The case method does little to cultivate caution. Decisiveness is rewarded, not inaction. Students can become trigger-happy as a result, committed "to taking action where action may not be justified or to force a solution where none is feasible." Class discussions can easily polarize. Persuasiveness is valued—but not publicly changing one's own mind. Few students do so in the course of discussion; if anything, positions tend to harden as debate continues. Skilled managers, by contrast, try to stay flexible, altering their positions as new evidence and arguments emerge.
Increasingly, the case method is being used to teach sophisticated techniques like valuation, forecasting, and competitive analysis. These techniques are essential to modern business literacy and are required for employment at investment banks, consulting firms, and large corporations. But they come with a price. "Too many of our cases," says Kester, "are turning into glorified problem sets.
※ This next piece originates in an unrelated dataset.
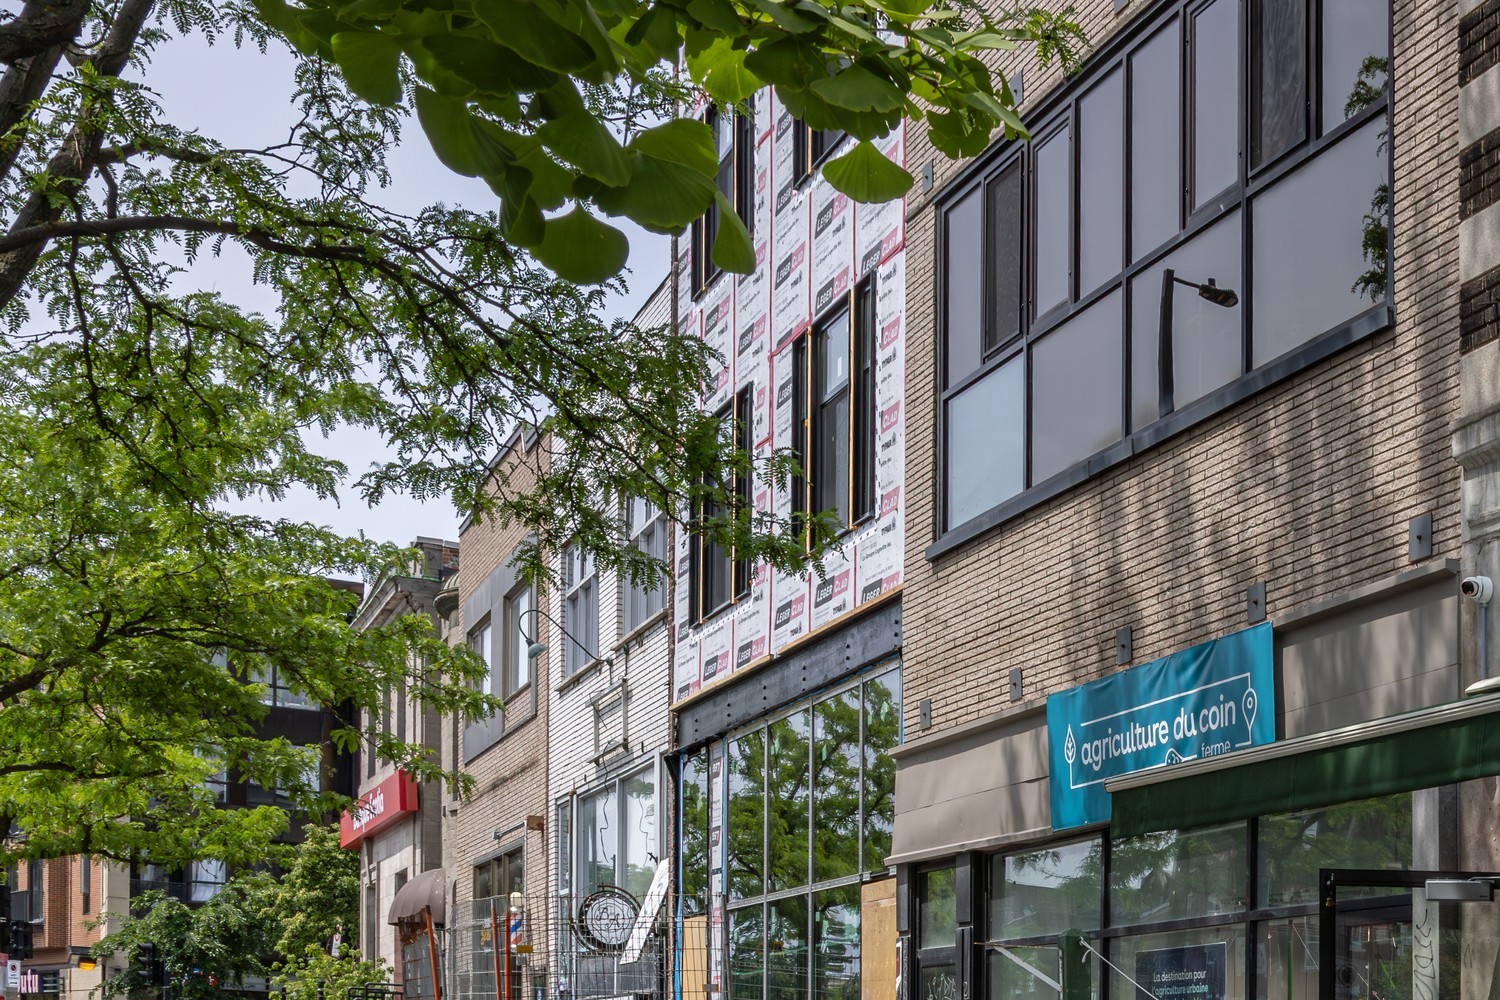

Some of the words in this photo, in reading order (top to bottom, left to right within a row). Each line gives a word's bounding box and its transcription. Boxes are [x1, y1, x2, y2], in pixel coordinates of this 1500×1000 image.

They have a methodological line of attack and a single, preferred, right answer. They are exercises in applied analysis." Diagnosis, decision-making, and implementation—the action skills the case method was originally designed for—receive much less time and attention. The challenge is compounded by the continued influx of Ph.D.s with backgrounds in economics, political science, psychology, and sociology into business-school teaching. That leaves some professors wondering: how do we continue to teach the art and craft of management?